Everything You Ever Wanted to Know About Litigation Finance



Category: Litigation Financing

Quite understandably, the idea of ‘funding lawsuits’ doesn’t sit well with a lot of people. The notion that a plaintiff might sell a stake in their lawsuit to a third party (thereby transforming the lawsuit into an investable asset) just feels… a bit icky. But the truth is, once people look beyond the ‘ick factor,’ they’re often surprised to learn that not only are their concerns unfounded but that litigation finance actually benefits individuals and small businesses who are most in need. In fact, one might easily argue that litigation finance helps remove a good portion of the ‘ick’ from our current legal system.

To find out how, let’s take a closer look at what exactly litigation finance is, who uses it, and how it benefits claimants, lawyers, and investors alike.

What is Litigation Finance?

At its most basic level, litigation finance (also called litigation funding) is when a third party provides capital to a plaintiff (or sometimes even a defendant) in return for a portion of any financial recovery from the underlying lawsuit. The capital provided by monetizing a legal claim is often directly applied to the costs of litigation, including attorneys’ fees, investigative fees, expert witness fees and court expenses. A litigation finance transaction is not classified as a loan because it is non-recourse; meaning that if you lose the case, you owe your litigation funder nothing. The funder only receives a payout if the case is won, or if a settlement is reached.

Who Uses Litigation Finance?

While presumably for those who can’t afford the cost of litigation, the truth is that everyone and anyone can benefit from litigation finance. Individuals, class action and mass tort claimants, Fortune-500 companies, universities, and businesses of all sizes have taken advantage of the capital security that litigation finance offers.

Now you may be asking yourself, why would a Fortune-500 company seek financing for a lawsuit? Surely they can afford the costs of litigation, so why take money upfront in exchange for giving away a (potentially large) cut on the back-end?

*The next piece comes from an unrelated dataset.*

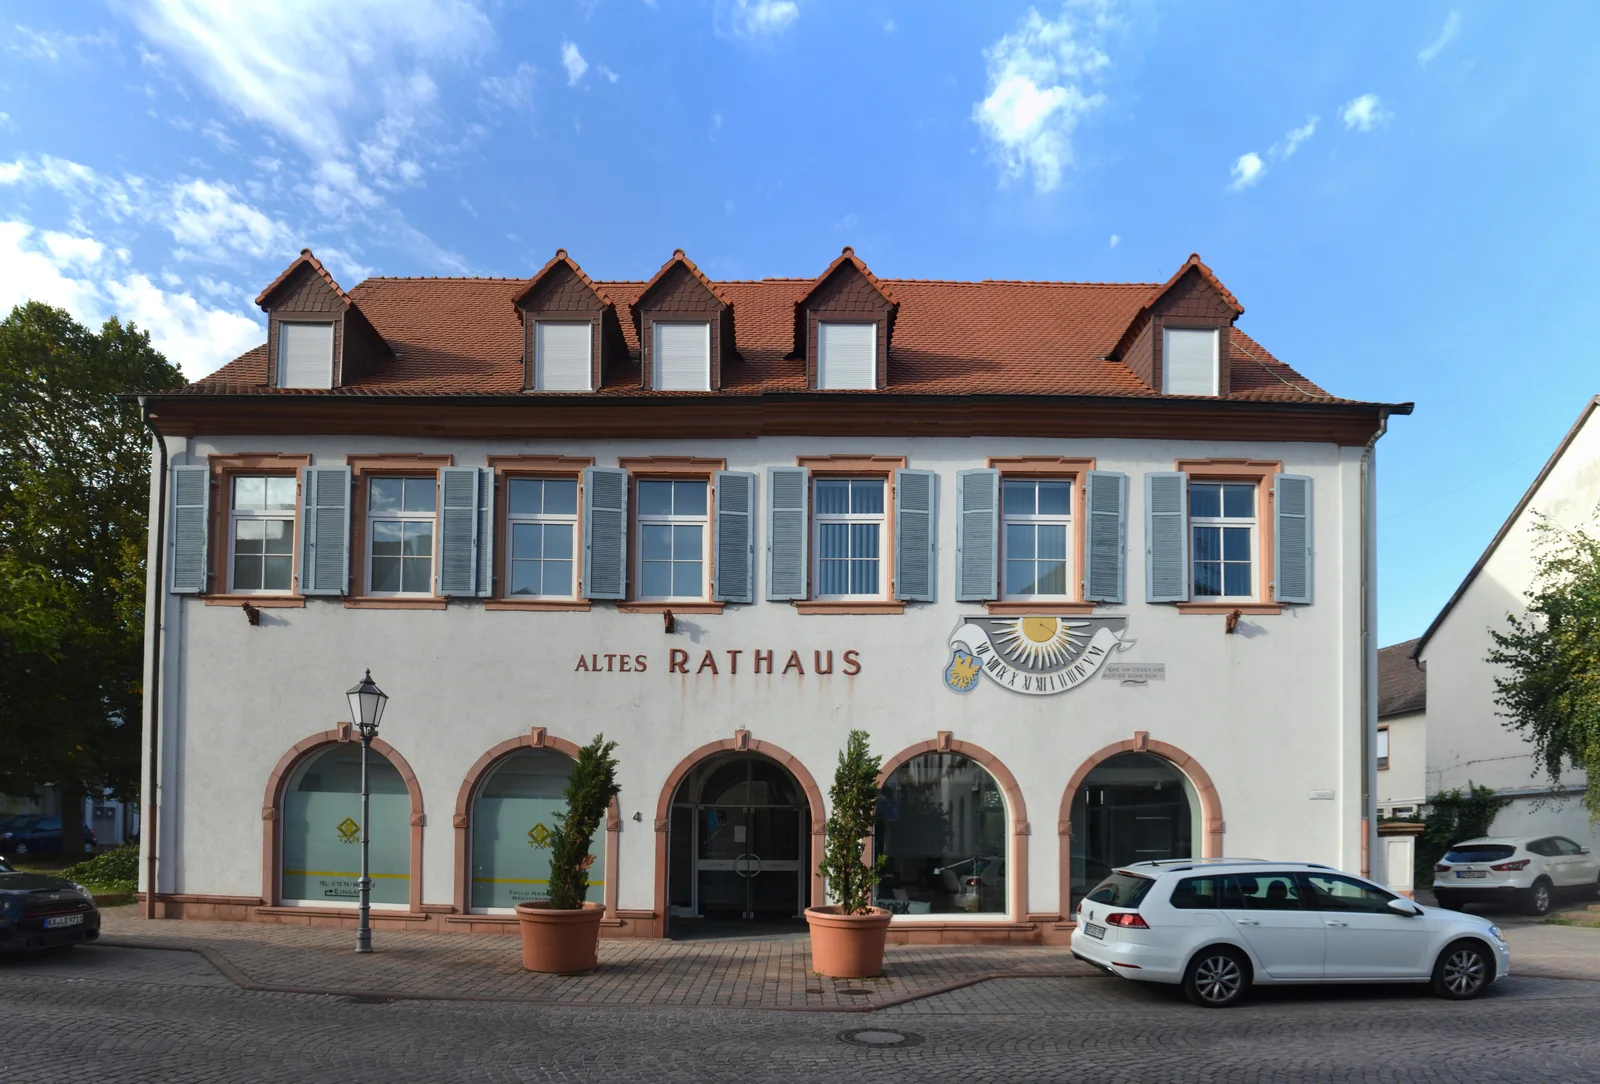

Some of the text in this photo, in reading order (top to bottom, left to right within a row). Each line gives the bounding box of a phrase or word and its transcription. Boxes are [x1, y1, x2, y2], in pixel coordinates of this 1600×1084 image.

[574, 648, 861, 675] ALTES RATHAUS
[975, 641, 1104, 691] VII VIII IX X XI XII I II III IV V VI
[632, 811, 643, 822] 4

The answer lies in a little-known accounting loophole that affects the balance sheets of publicly traded companies. You see, any time a company undergoes litigation – and companies are always undergoing litigation (According to Norton Rose Fulbright, 90% of U.S. corporations are engaged in litigation at any one time) – the expenses of the litigation need to be deducted from the company’s balance sheet. And since B2B litigation moves about as fast as a snail through molasses, those expenses can quickly add up, meaning companies could see millions of dollars in ‘lost capital’ from their balance sheets over the course of several years.

And if there’s one thing investors on Wall Street don’t like, it’s lost capital. Sure, you can try to explain that your case is a guaranteed win, or that you’ll settle any day now and see all of your money back plus a hefty payout… but good luck convincing Analysts on the Street to look beyond the numbers. And the worst part is, even if you do win your case or reach a settlement, Wall Street accepts the eventual payout for exactly what it is – a one-time transaction. This means Analysts discount its significance when assessing your stock valuation going forward.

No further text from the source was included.